En yüksek değerden en düşük değere doğru sıralanana kadar X pozisyonu referans çerçevesine tıklayın. Agregaların yarıçapını elde etmek için en yüksek değeri kaydedin. İlgilenilen ek yerleri belirlemek için el ile hesaplamalar yapın.

Bunu yapmak için, X merkez değerine 100 mikrometre ekleyin ve ardından merkez eksen boyunca ilk konumu tanımlamak için merkez noktasının Y ve Z değerlerini kullanın. Yeni Noktalar Ekle'yi seçin. Ardından Otomatik Oluşturma Düzenlemesini El İle Atla'yı seçin.

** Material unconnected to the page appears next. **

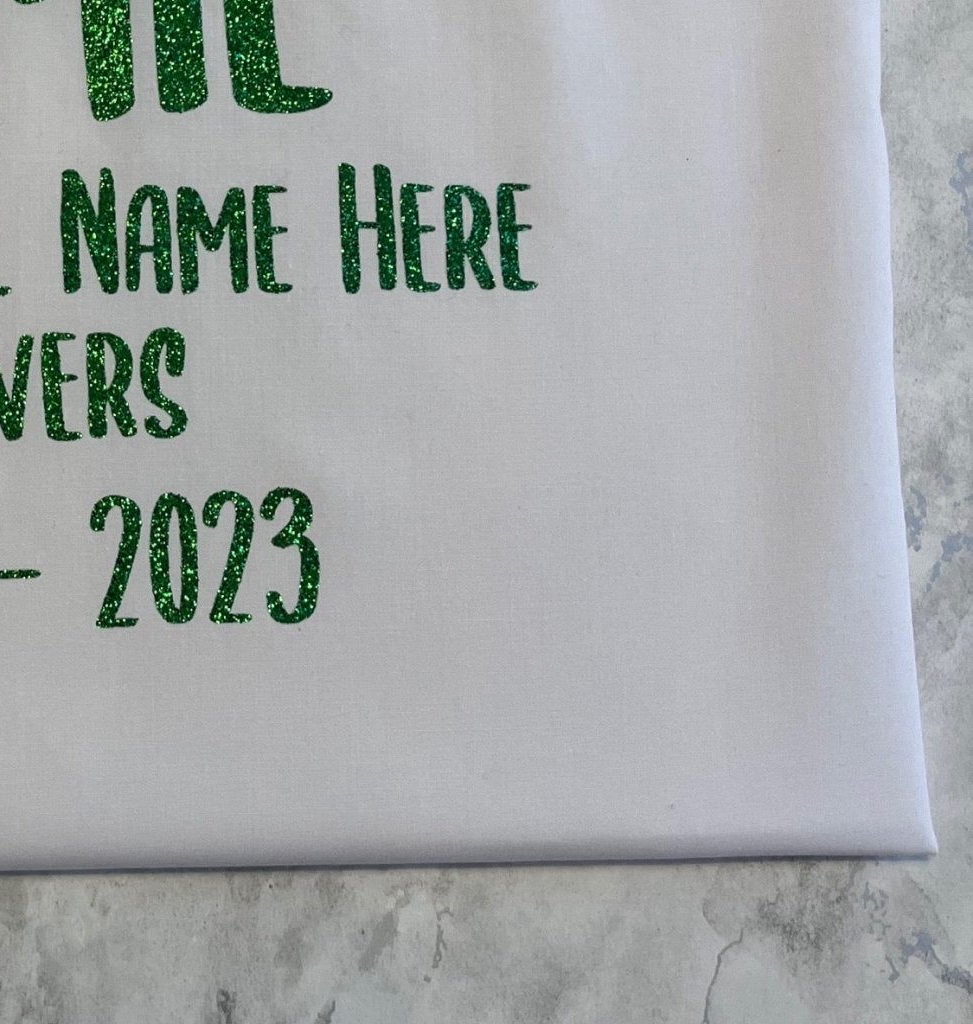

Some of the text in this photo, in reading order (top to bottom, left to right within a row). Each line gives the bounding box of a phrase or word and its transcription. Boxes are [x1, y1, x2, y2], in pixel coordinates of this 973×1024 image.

[60, 168, 292, 295] NAME
[338, 163, 538, 294] HERE
[90, 487, 320, 628] 2023

Klavyedeki shift düğmesini basılı tutun ve yeni bir nokta yerleştirmek için ekranda herhangi bir yeri tıklatın. İlgilenilen ilk konum için XYZ pozisyon değerlerini girin. Ardından Yeni Referans Çerçevesi Ekle'yi seçin ve noktanın üzerine hizalayın.

Her sıralı X konumuna 100 mikrometre ekleyin. Son referans çerçevesini, numunenin dış yarıçapından 50 mikrometreye eşit olandan daha az bir mesafeye yerleştirin. Oluşturulan noktalara tıklayın ve İstatistikler'e gidin.

Menünün sağ alt köşesinde, Tüm İstatistikleri Dosyaya Aktar'ı tıklayın ve verileri bir e-tabloya kaydedin. E-tabloyu açın. Kaynak referans çerçevesinden uzaklık sekmesine gidin.

Her mesafeyi karşılık gelen referans çerçevesine sayısal olarak atamak için mod işlevini kullanın. Her referans çerçevesindeki mesafelerle çalışmak için bu sütundaki değerleri filtreleyin. Referans çerçevelerinin her biri için, COUNTIF işlevini kullanarak çerçevenin 50 mikrometre içindeki nesnelerin sayısını hesaplayın.

Elde edilen değer, bu bölgesel fişteki hücre sayısına karşılık gelir. Hücre yoğunluğunu elde etmek için bu değeri 100 mikrometre fişinin hacmine bölün. Student's T testi, sferoid çekirdekte MDA-MB-231 sferoid modelleri için geçiş ve dış katmanlardan önemli ölçüde daha yüksek hücre yoğunluğu ortaya koymuştur.

Sonuç, dört gün sonra bu küresel çekirdekte sıkışmayı gösterir. Hem AU565 hem de MDA-MB-231 agrega modellerinde, matrisin eklenmesi hacmi veya hücre sayısını etkilemiyor gibi görünmektedir ve bu nedenle hücre proliferasyonu üzerinde ihmal edilebilir bir etkiye sahip gibi görünmektedir. Daha ziyade, matris ilavesi, hücre yoğunluğunu yeniden dağıtarak önemli çekirdek sıkıştırmasını teşvik ediyor ve dış katmanlardaki hücre yoğunluğunu azaltıyor gibi görünmektedir.

Bu bulgular, matrisin farklı meme kanseri hücre hatlarında hücre agregasyonunu sağladığı fiziksel mekanizmalar hakkında değerli bilgiler sağlar. Daha sonra matriks ile hazırlanan AU565 tümörleri sferoidine bakıldığında, olgunlaşmış agregalar trastuzumab ile tedavi edildi ve bölgesel hücre yoğunluğu beş günlük bir ilaç rejimi ile değerlendirildi. Tapalar, agregaların kalınlığı boyunca her 100 mikrometrede bir ayarlandı.

Hücre yoğunluğundaki küçük dalgalanmalar, her bir agreganın iç 500 mikrometresinde zaman içinde minimal hücre ölümünü gösteren küçük dalgalanmalar gözlendi. Hücre ölümünün çoğunlukla tümör sferoidlerinin dış katmanlarında gösterge ilaç yanıtı olarak görselleştirilmesi, trastuzumabın ilaç penetrasyon sorunları ile tutarlıdır. Artık yapıdan ödün vermeden agregalardaki hücre canlılığını tahribatsız bir şekilde ölçebiliyoruz.

Bu, aday anti-kanser ilaçlarının temporal ve penetrasyon niteliklerini tanımlamak için tekil tümör agregalarında uzunlamasına ilaç yanıtının değerlendirilmesini sağlar.